Unit VII Case Study 
Read the incident scenario, and write a response that is at least three pages in length. Your response must include answers to the questions being asked. All sources used, including the textbook, must be referenced. Paraphrased and/or quoted materials must have accompanying in-text and reference citations in APA format. 

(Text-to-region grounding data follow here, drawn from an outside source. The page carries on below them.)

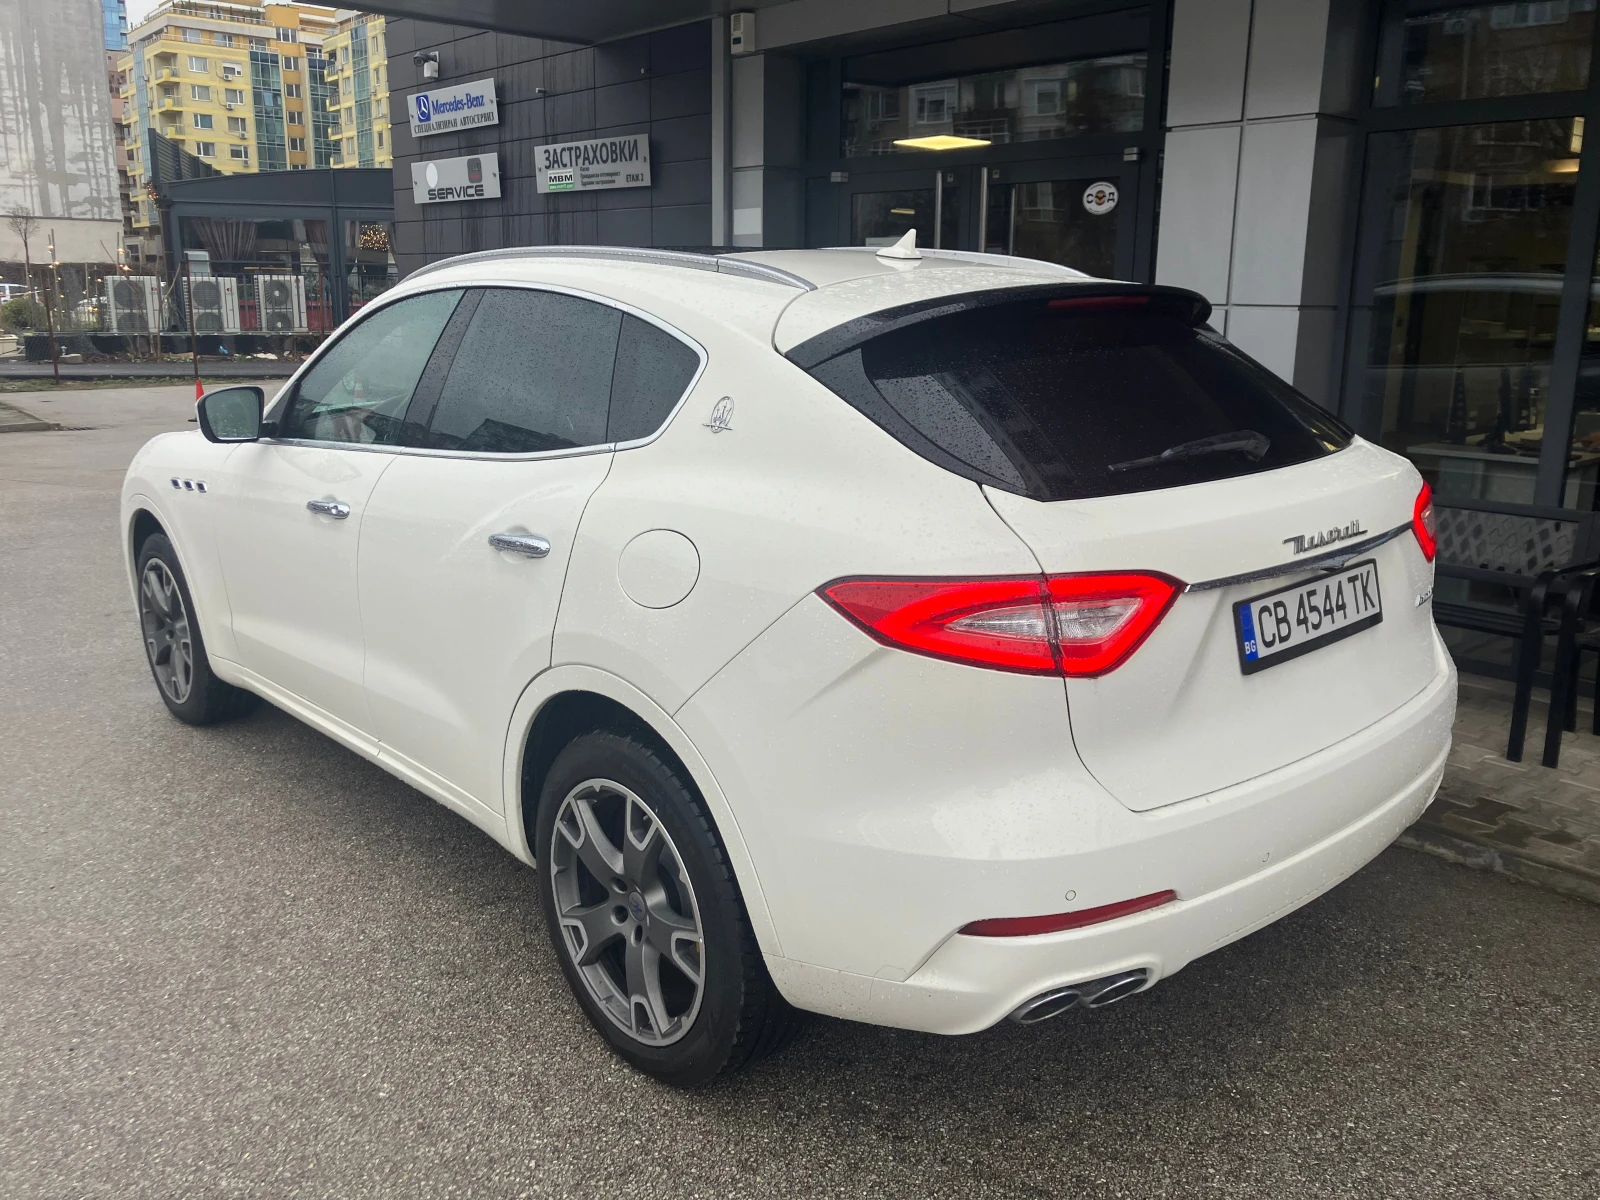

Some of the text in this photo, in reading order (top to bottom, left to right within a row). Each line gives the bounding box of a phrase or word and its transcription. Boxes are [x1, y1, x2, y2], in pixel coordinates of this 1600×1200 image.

[431, 93, 485, 115] Mercedes-Benz
[413, 111, 495, 134] СПЕЦИАЛИЗИРАН АВТОСЕРВИЗ
[543, 139, 639, 170] ЗАСТРАХОВКИ
[626, 173, 640, 183] ЕТАЖ
[640, 173, 645, 182] 2
[427, 184, 485, 201] SERVICE
[1282, 519, 1368, 555] Maserati
[1257, 600, 1292, 648] CB
[1296, 580, 1348, 634] 4544
[1347, 570, 1376, 615] TK
[1244, 639, 1257, 655] BG

You are the Refinery Emergency Response Coordinator for an incident at the SJV Refinery which has been in operation since 1966. The refinery processes 120,000 bbls of crude oil per day, which has a sulfur content of 2.5 percent. The refinery converts crude oil to naptha, light oil, and heavy oils using the Atmospheric/Vacuum Distillation Unit with key equipment such as the following: 
• naptha, kerosene, gasoline, and diesel hydrotreaters; 
• isomerization unit; 
• naptha reformer; 
• fluid catalytic cracker; 
• coker; 
• hydrocracker; 
• polymerization unit (petrochemical section of the refinery polymerizing olefin gases to produce polyethylene); 
• sulfur recovery Claus plant (catalytic reactors); and 
• distillate/gasoline blending tanks. 
The refinery was initiating work on a major plant turnaround at the time of the incident to complete required maintenance repairs, mechanical integrity inspections, and modifications to existing equipment. Twenty contractor companies (approximately 150 employees) have been contracted to perform this work under the direction of refinery staff. All of the contractor workers completed the refinery orientation training. 

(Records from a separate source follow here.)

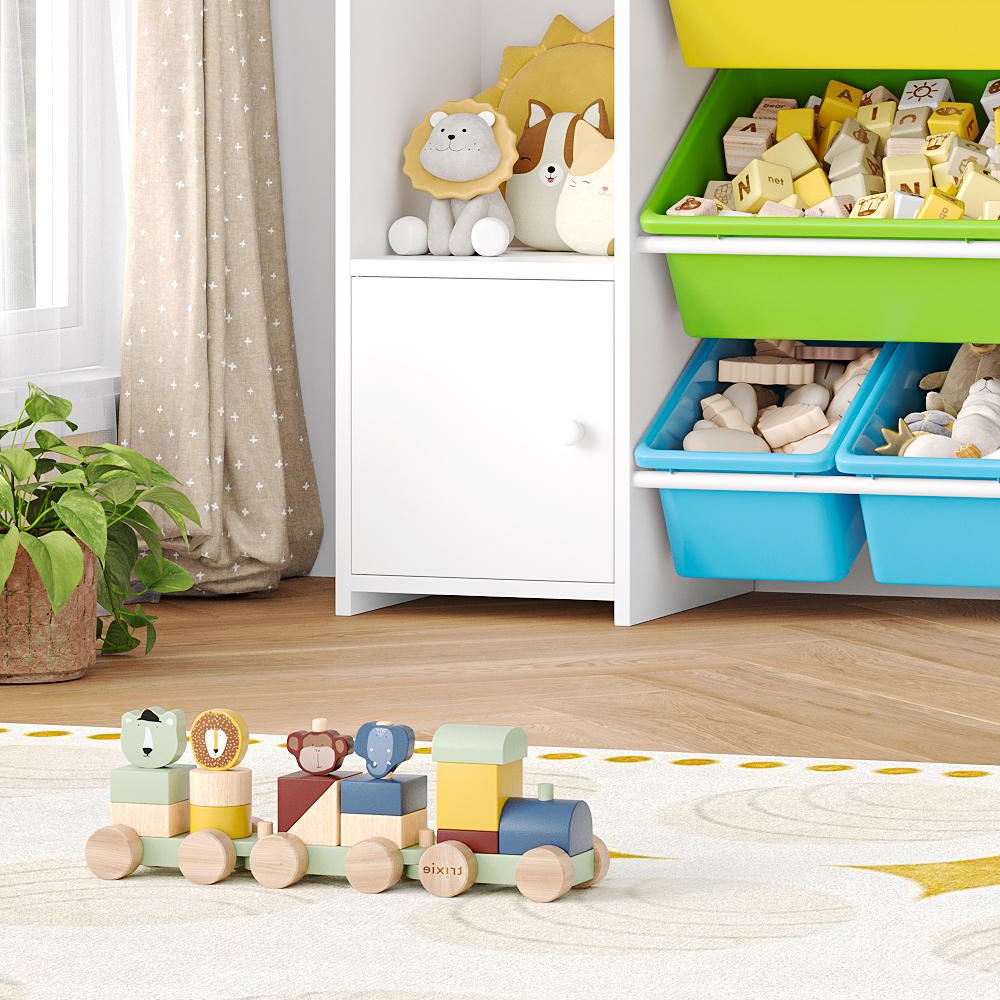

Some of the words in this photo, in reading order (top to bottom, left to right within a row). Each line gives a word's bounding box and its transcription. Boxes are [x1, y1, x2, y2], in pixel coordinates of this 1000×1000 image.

[836, 89, 853, 103] A
[738, 174, 751, 201] N
[768, 176, 784, 186] net
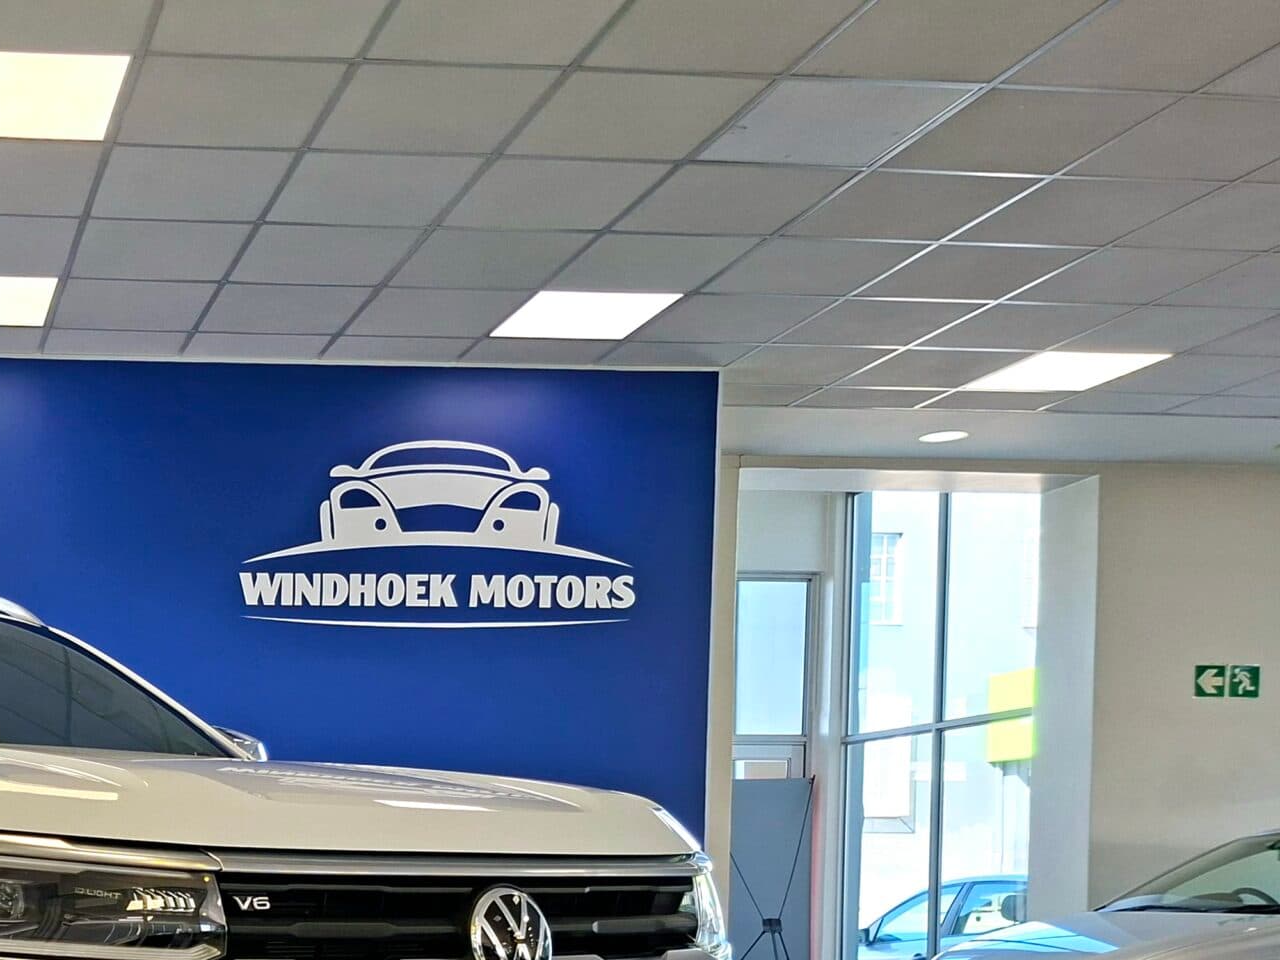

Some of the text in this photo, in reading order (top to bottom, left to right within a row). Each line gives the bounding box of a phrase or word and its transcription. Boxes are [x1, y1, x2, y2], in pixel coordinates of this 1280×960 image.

[239, 572, 635, 609] WINDHOEK MOTORS
[232, 895, 272, 912] V6

Work for the contractor crews is assigned/scheduled each morning. On the day of the incident, the day-shift (6 am to 6 pm) crew had been tasked with isolating the acid gas feed stream for the Claus unit. Due to other work priorities, the crew did not isolate the line as planned. A shift turnover for the night contractor crew did not happen due to mandatory safety training that delayed their arrival at the worksite. Upon their arrival at the work site, the night crew held a job safety analysis (JSA) review of the scheduled task (line breaking of the acid gas feed line to replace a segment) to be performed and the hazards present. No pressure gauges or monitoring was present to indicate that the acid gas feed line was operational. The crew initiated the line breaking activity (open the line to the atmosphere) at approximately 7:45 pm under self-contained breathing apparatus (SCBA), which almost immediately resulted in the uncontrolled release of acid gas. A nearby ignition source from a welding operation ignited the flammable gas. The following actions were initially taken: 
• The evacuation alarm was sounded and the refinery emergency response team (ERT) was activated. 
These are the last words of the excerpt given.